▶ **Exercise aim**: Your copy should match the entries exactly, except that it holds no pictures.

Saved data entries:
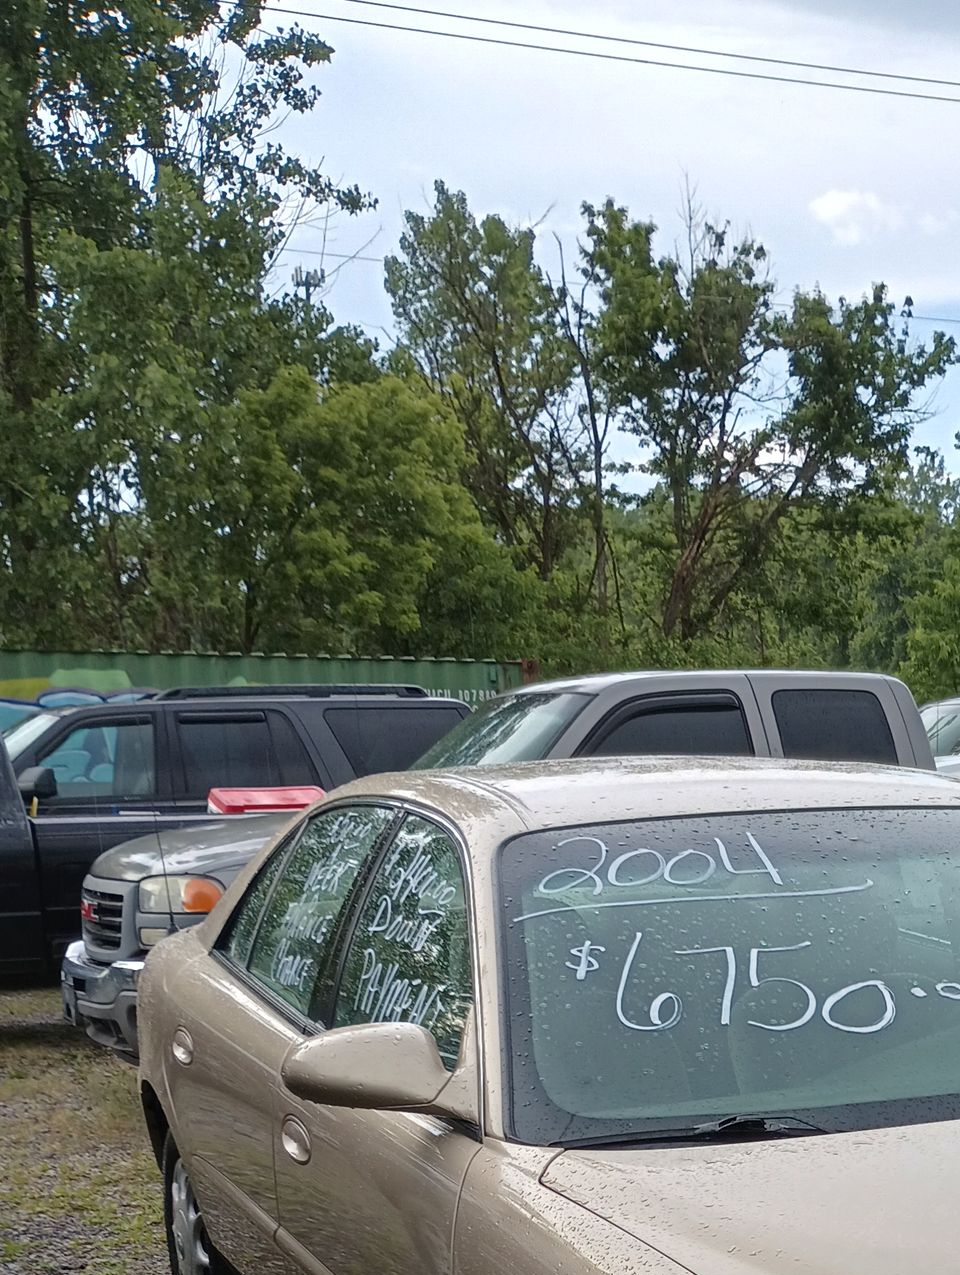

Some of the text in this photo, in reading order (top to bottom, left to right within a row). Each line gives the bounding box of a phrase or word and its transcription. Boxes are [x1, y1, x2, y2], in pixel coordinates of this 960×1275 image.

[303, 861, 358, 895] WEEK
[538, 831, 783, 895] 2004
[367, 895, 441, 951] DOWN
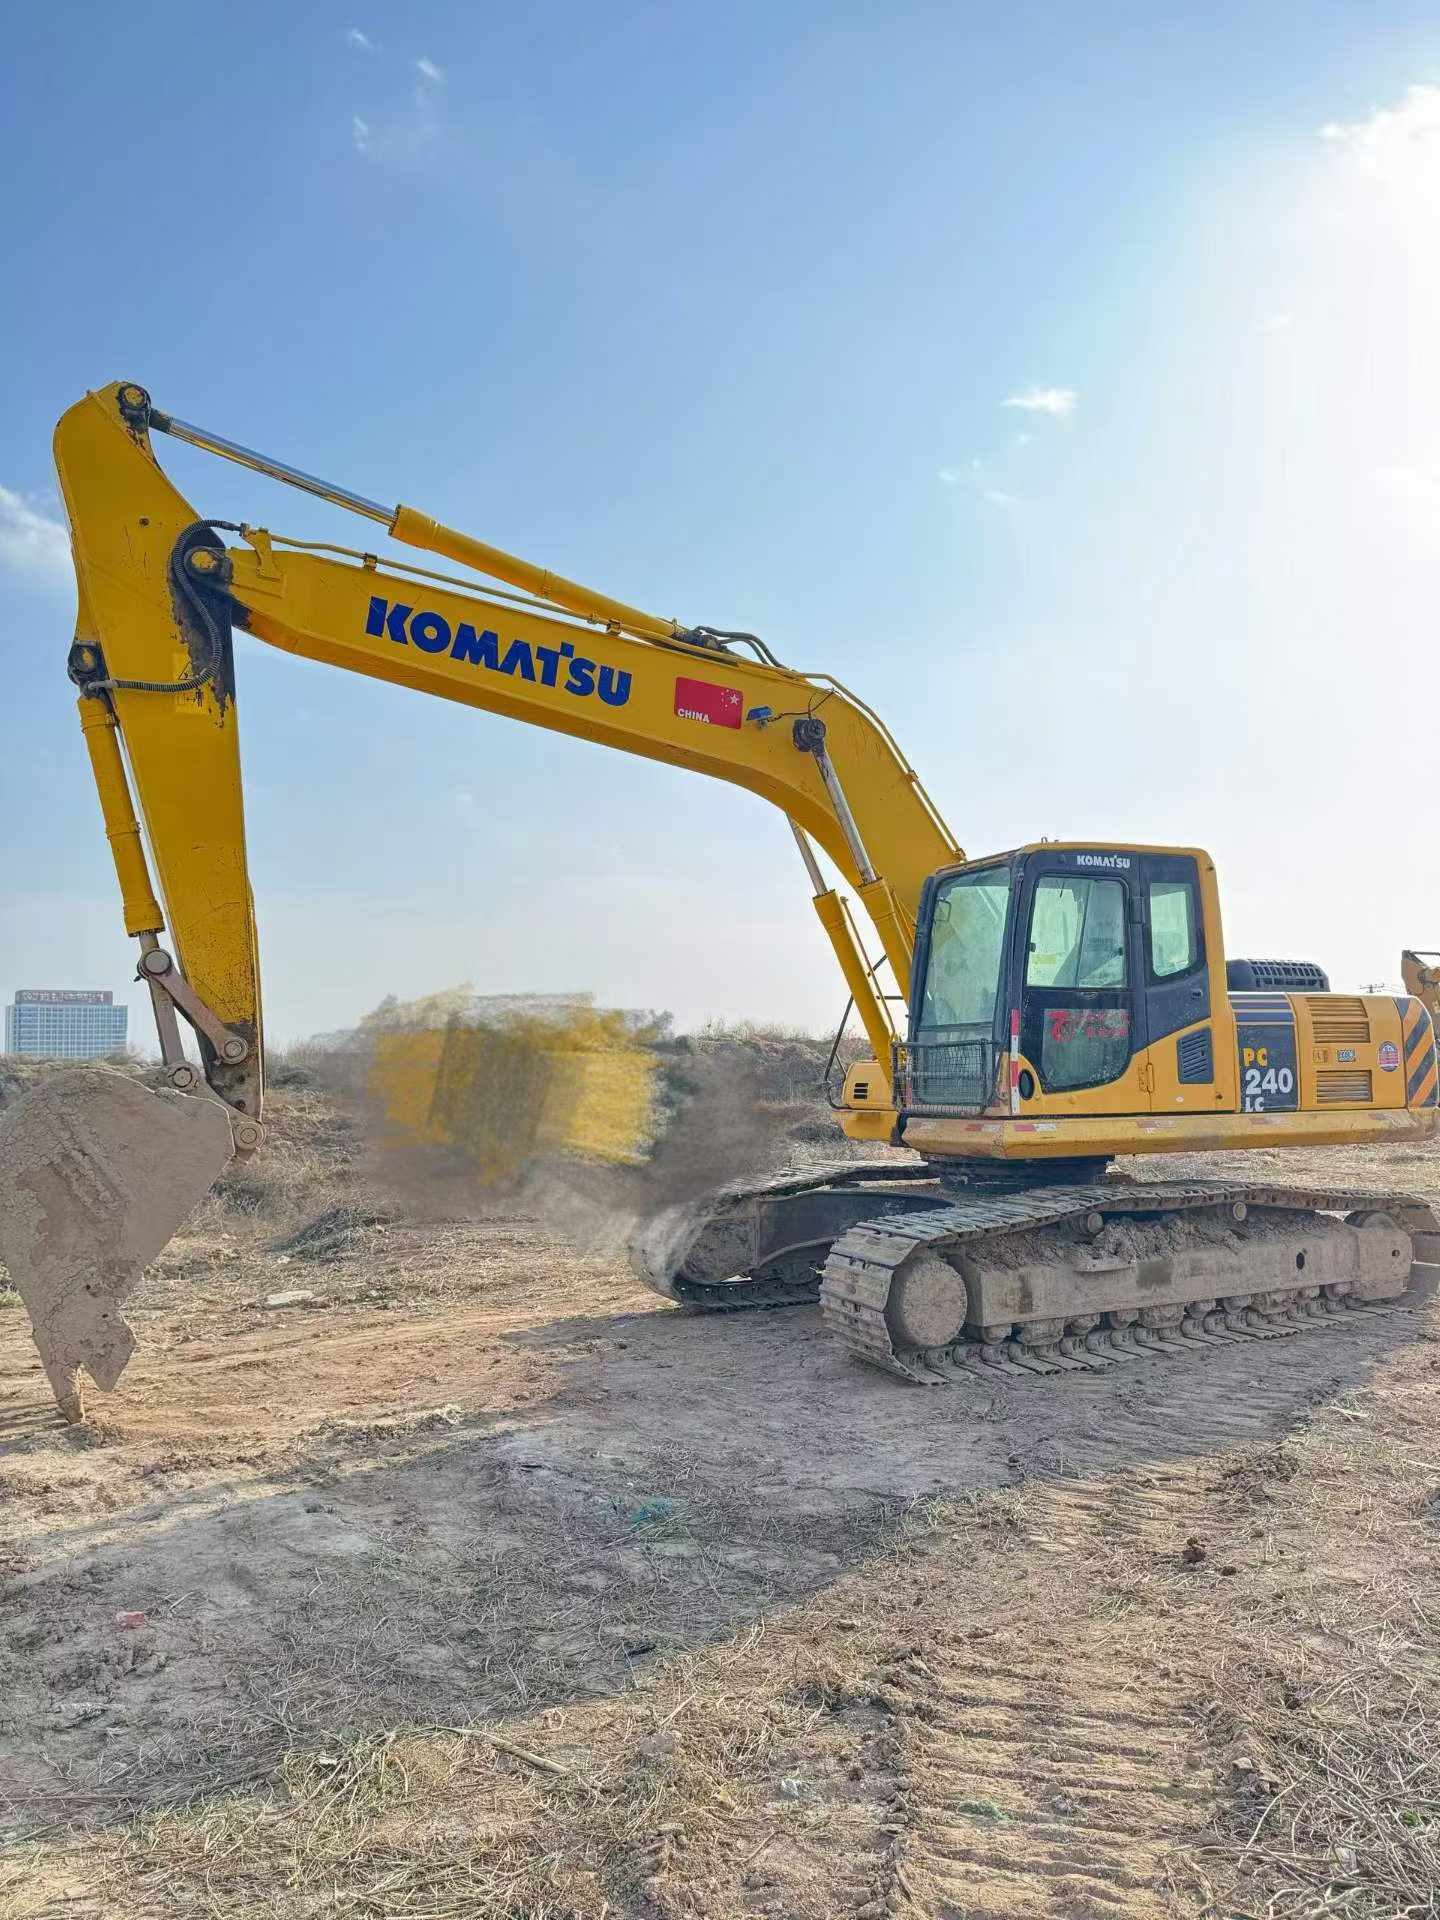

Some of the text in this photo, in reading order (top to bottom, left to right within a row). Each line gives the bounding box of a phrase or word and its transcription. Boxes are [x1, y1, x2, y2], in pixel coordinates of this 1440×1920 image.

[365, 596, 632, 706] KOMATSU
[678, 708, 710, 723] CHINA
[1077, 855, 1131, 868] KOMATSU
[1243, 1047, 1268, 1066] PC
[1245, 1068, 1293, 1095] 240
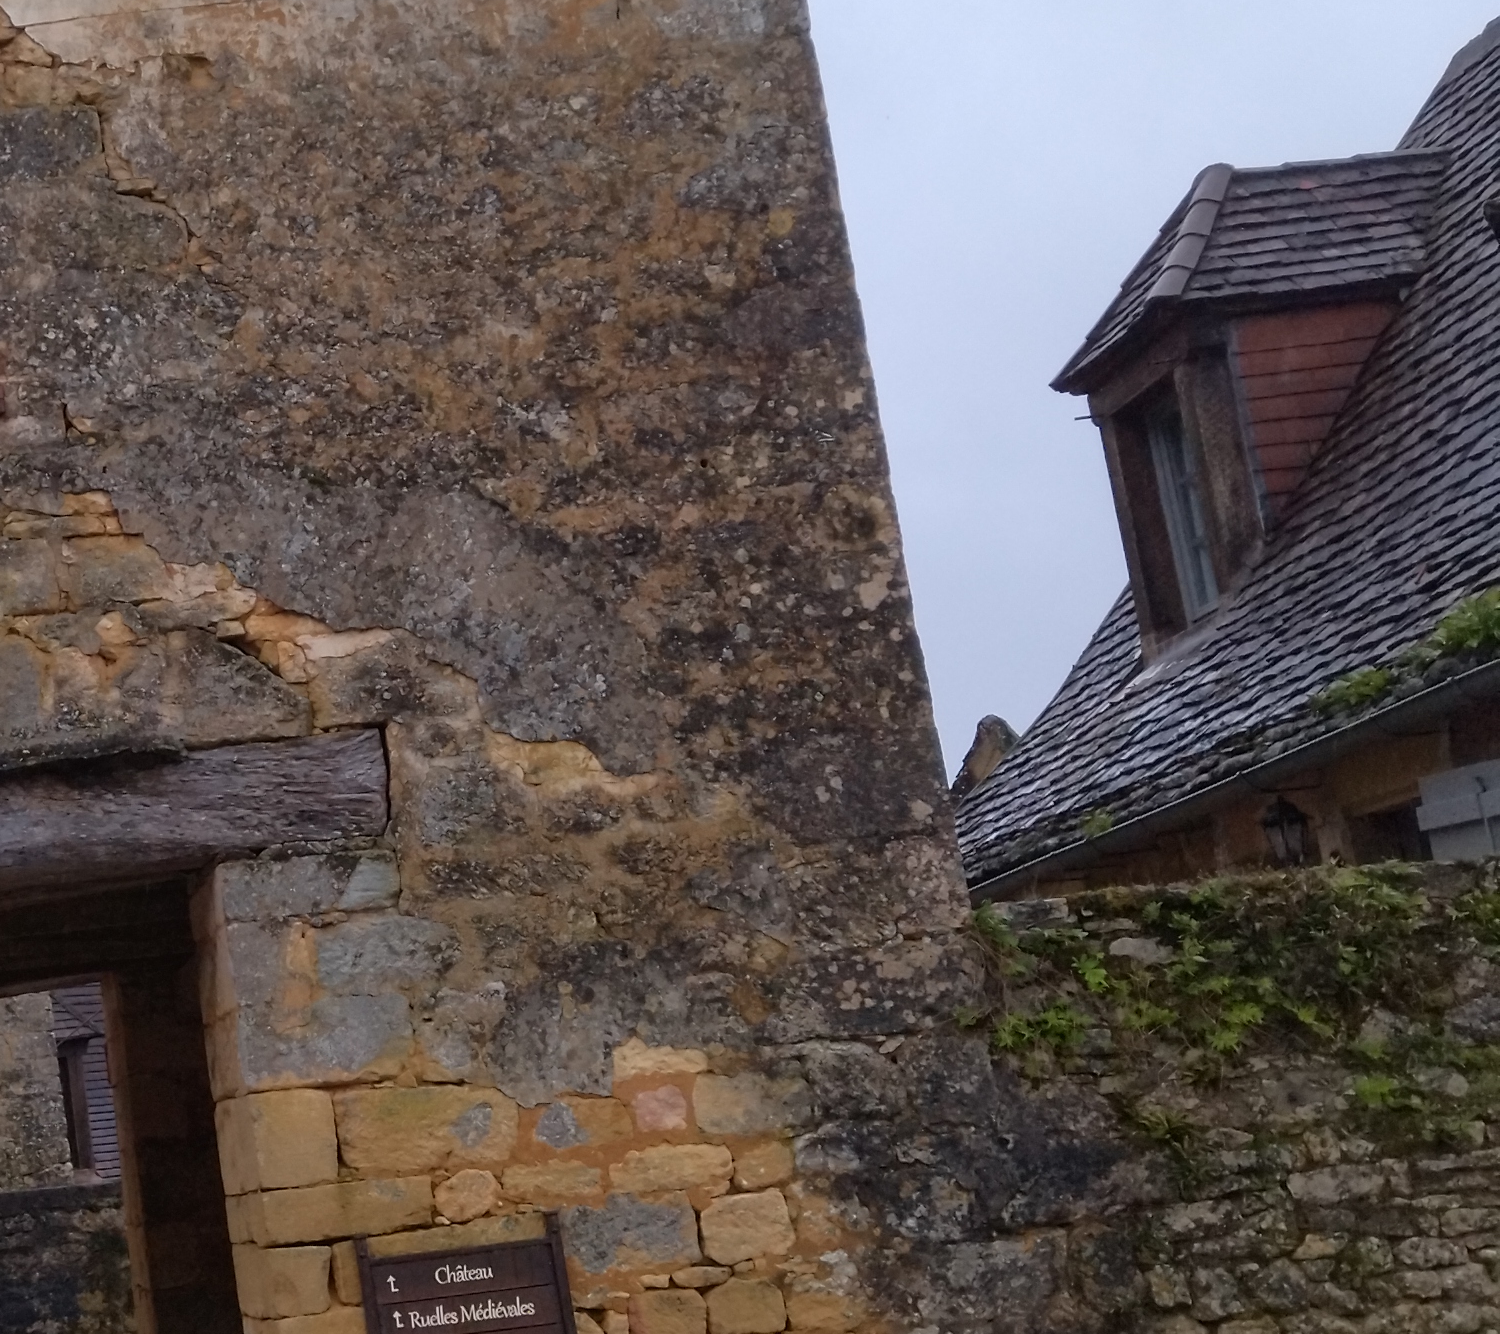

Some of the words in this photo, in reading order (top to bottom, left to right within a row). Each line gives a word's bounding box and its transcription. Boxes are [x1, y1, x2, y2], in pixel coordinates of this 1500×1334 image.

▶ **Expected answer**:
Some of the text in this photo, in reading order (top to bottom, left to right within a row). Each line gives the bounding box of a phrase or word and its transcription. Boxes are [x1, y1, x2, y2], in pixel coordinates of this 960×1275 image.

[303, 861, 358, 895] WEEK
[538, 831, 783, 895] 2004
[367, 895, 441, 951] DOWN

Some of the text in this photo, in reading order (top to bottom, left to right within a row). Each line gives the bounding box of a phrase or word and its transcription. Boxes are [x1, y1, x2, y2], in pixel coordinates of this 1440×1920 image.

[365, 596, 632, 706] KOMATSU
[678, 708, 710, 723] CHINA
[1077, 855, 1131, 868] KOMATSU
[1243, 1047, 1268, 1066] PC
[1245, 1068, 1293, 1095] 240

Some of the words in this photo, in reading order (top to bottom, left to right within a row). Each line gives a word's bounding box and its transcription. Boxes are [x1, y1, x2, y2], in pixel coordinates of this 1500×1334 image.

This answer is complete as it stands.